Small Language Models Enable Generative AI in Packaging and Processing Equipment
OEMs can introduce AI into their equipment by embedding small language models. They can run directly on a standalone/embedded PC, don’t require an Internet connection, eliminate latency and costs associated with AI. (Updated December 2024.)
Editor's note: Advances in small language models are proceeding rapidly. This article was updated in December 2024 to account for the newest developments. (It was originally published in August 2024.)
In my previous column, I wrote about how declines in workforce quantity and quality are taking their toll on CPG customers. I sketched out how OEMs might leverage generative AI to create a new generation of machines that talk to operators and technicians, in any language. Essentially, packaging and processing OEMs can build their own version of ChatGPT right into their equipment, allowing operators and technicians to carry on a dialog with the machine. In this column I’ll walk through actual small language models that your engineers can download and begin experimenting with today.
Wait a minute, you say...there’s no way that your CPG customers will stand for your machine maintaining an open connection to the cloud in order for generative AI to work. You’re right about that, which is why there’s so much buzz right now in the AI community about a new generation of self-contained large language models that are designed to run on a local machine. No Internet connection required. Yes, you read that right.
In fact, there are several language models (which some have taken to calling small language models or SLMs) that are available for download that are open source or freely available via a commercial-friendly license that costs you exactly nothing. Why free? There’s an arm’s race right now among the big tech companies with AI model development. Users of these models, like you, benefit from their innovation. For more context, see this recent post from Mark Zuckerberg on why he believes the future of AI is open source, and what’s in it for his company.
Small language models can run on any PC based control or PC-based HMI, or even a dedicated PC embedded in your machine for the purpose of running a generative AI interface. A recurring theme around small language models is that they are a fraction of the size of current large language models, require a fraction of the computing power, and can yield performance coming close to that of large language models, depending on the application. They also eliminate any latency associated with round-trip communications to the cloud. All of the above makes this game-changing technology.
The size of language models is measured by the number of parameters. (If you’re curious, see a detailed explanation of what is meant by parameters when it comes to LLMs.) For example, ChatGPT 3.5 uses 175 billion parameters.
In this column I’m going to focus on several SLMs that your engineers can begin experimenting with that are all 8 billion parameters or smaller. In fact, the more interesting models are 2 billion parameters and smaller.
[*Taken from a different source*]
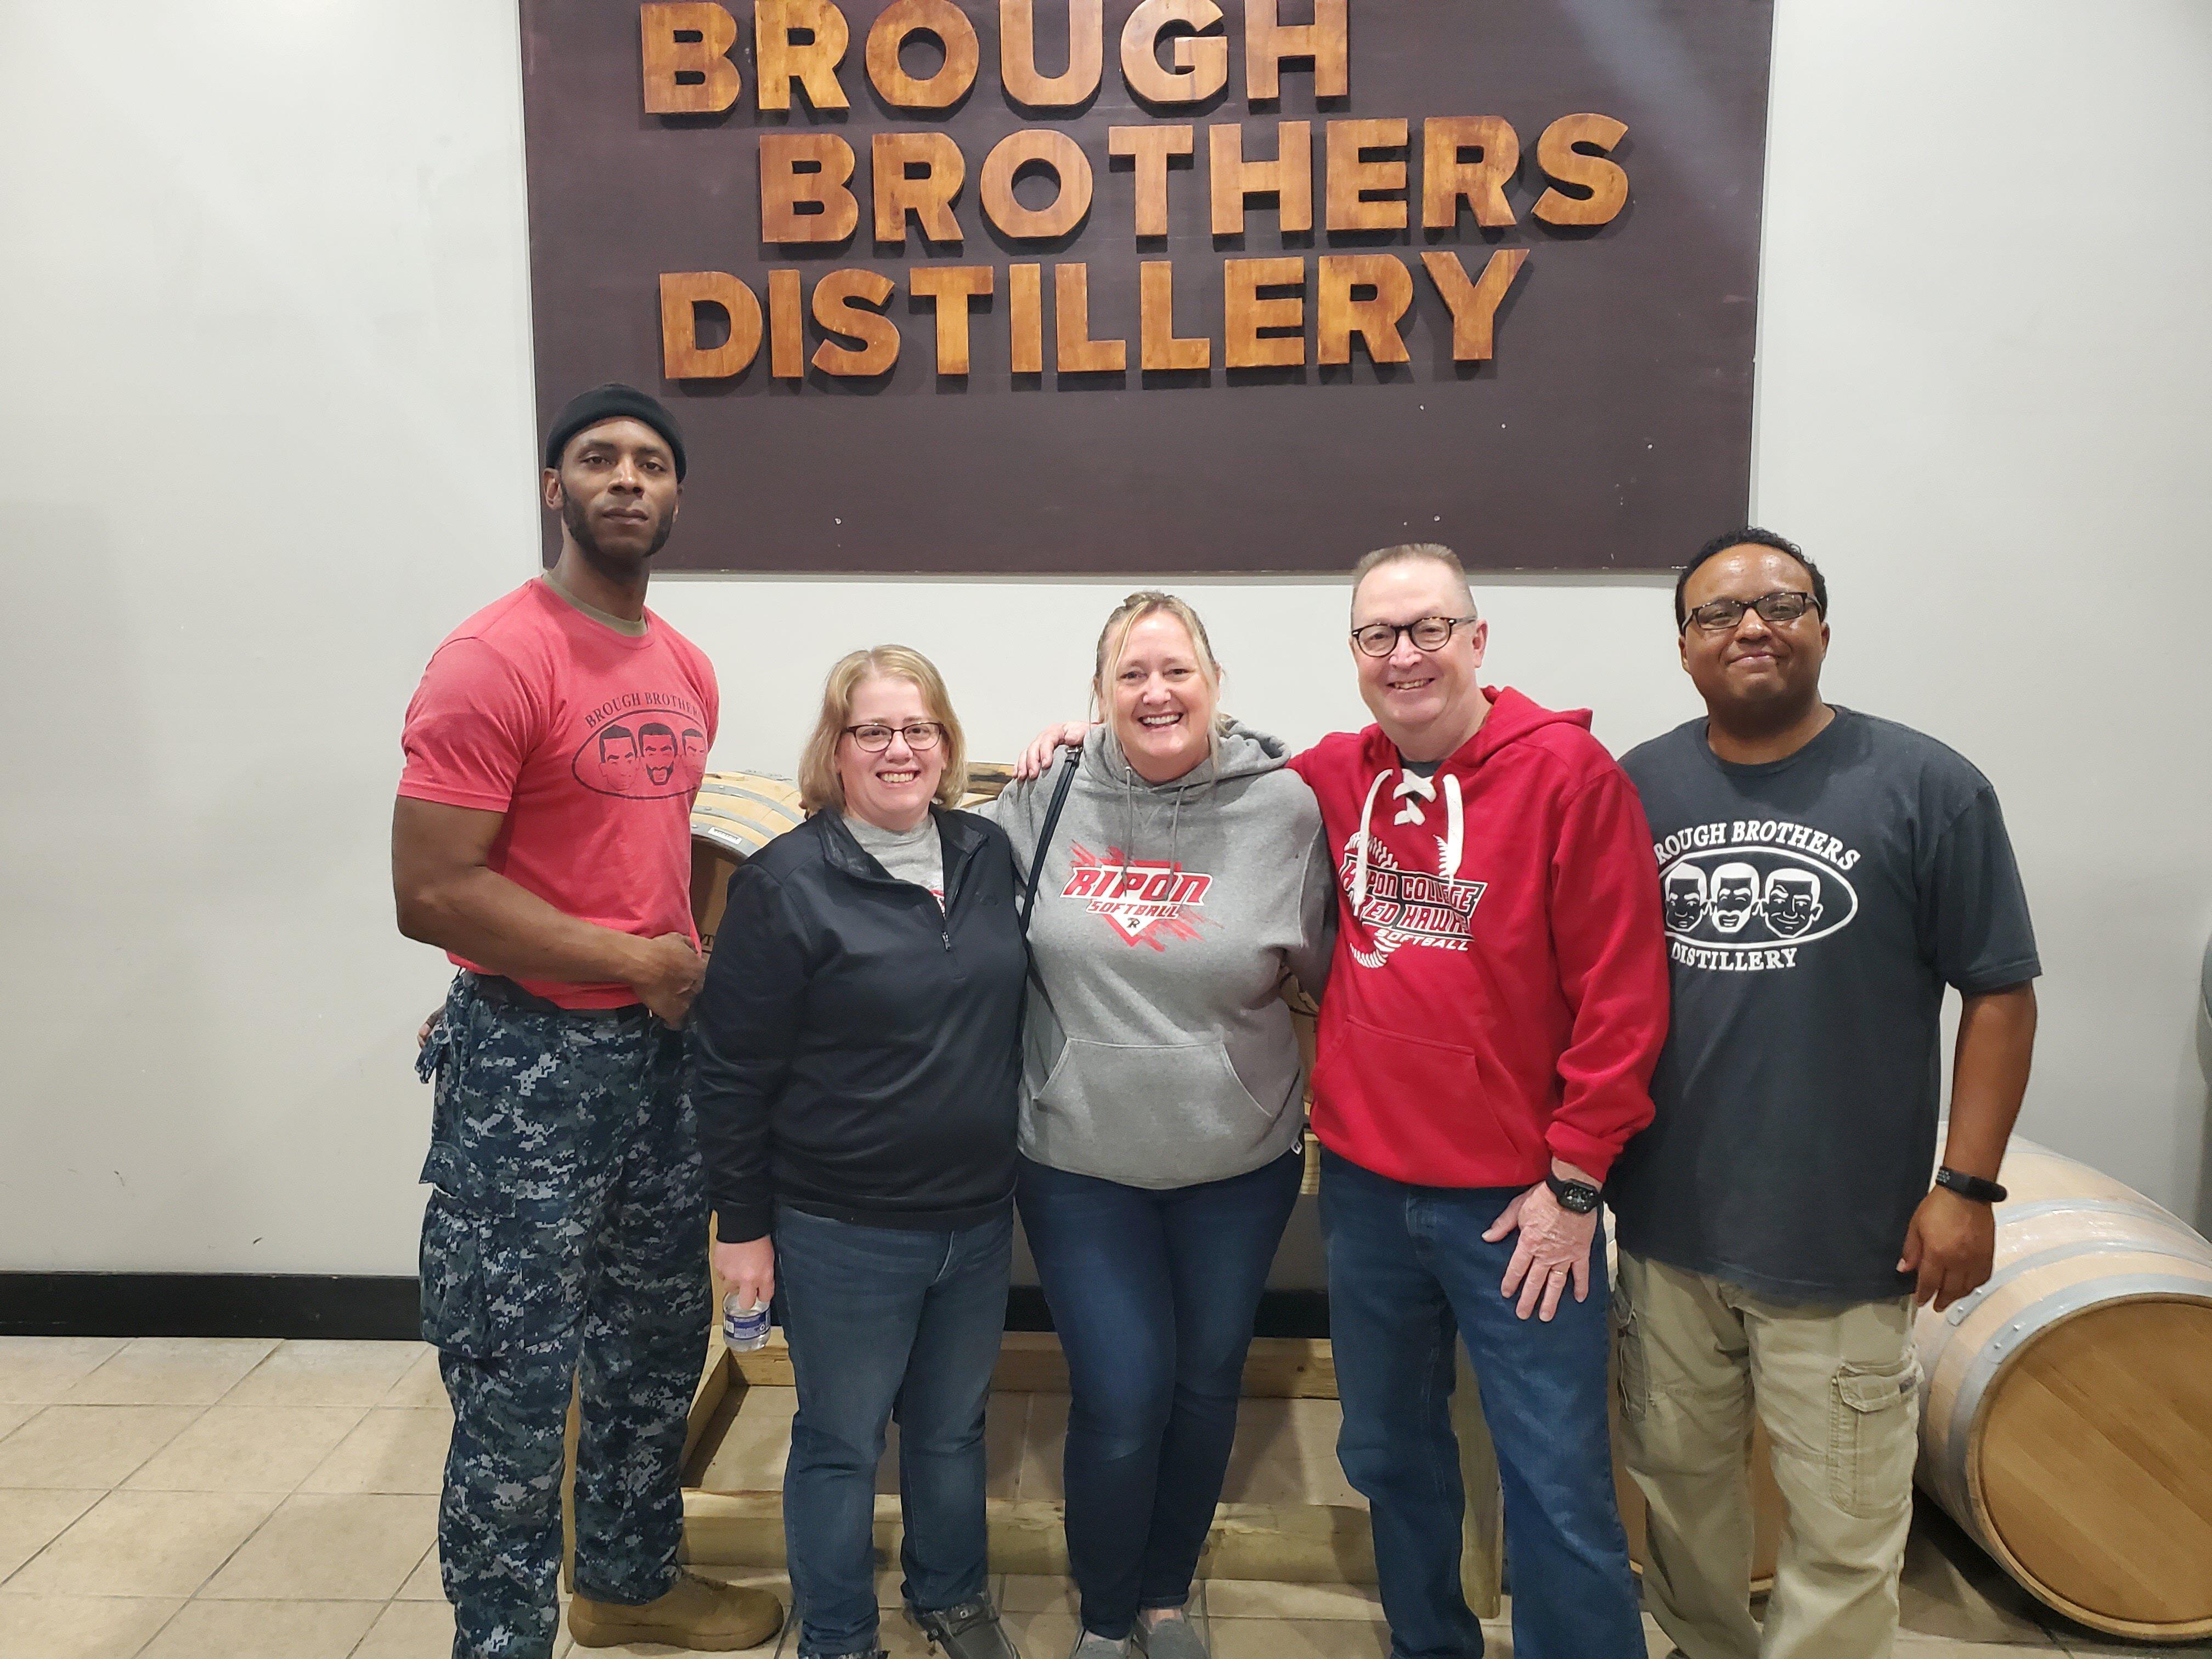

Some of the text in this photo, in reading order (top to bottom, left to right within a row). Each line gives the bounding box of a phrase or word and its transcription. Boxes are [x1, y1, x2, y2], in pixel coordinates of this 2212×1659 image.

Counterintuitively, when it comes to embedding AI into your equipment, smaller is better: The smaller number of parameters, the less computing power is needed. I’m guessing if you create your own SLM specific to your machine that hoovers up every single word on every page of every manual ever written on that equipment, including hours of interviews with your design engineers, 2-billion-parameter models will be plenty powerful enough.
One final technical note. Many of these models are designed to run faster on a PC with a GPU (a Graphics Processing Unit), typically from Nvidia. These are the chips every AI company is desperate to lay their hands on to power their data centers. But GPUs (typically from Nvidia) can also be found in everyday PC workstations. Even some HMIs may contain GPUs to aid in visualization and graphics. You’ll want to check the hardware that you are using in or on your equipment, as a GPU will make these models run faster. That said, speed differences may be immaterial depending on what you design and how much information you incorporate into your custom models.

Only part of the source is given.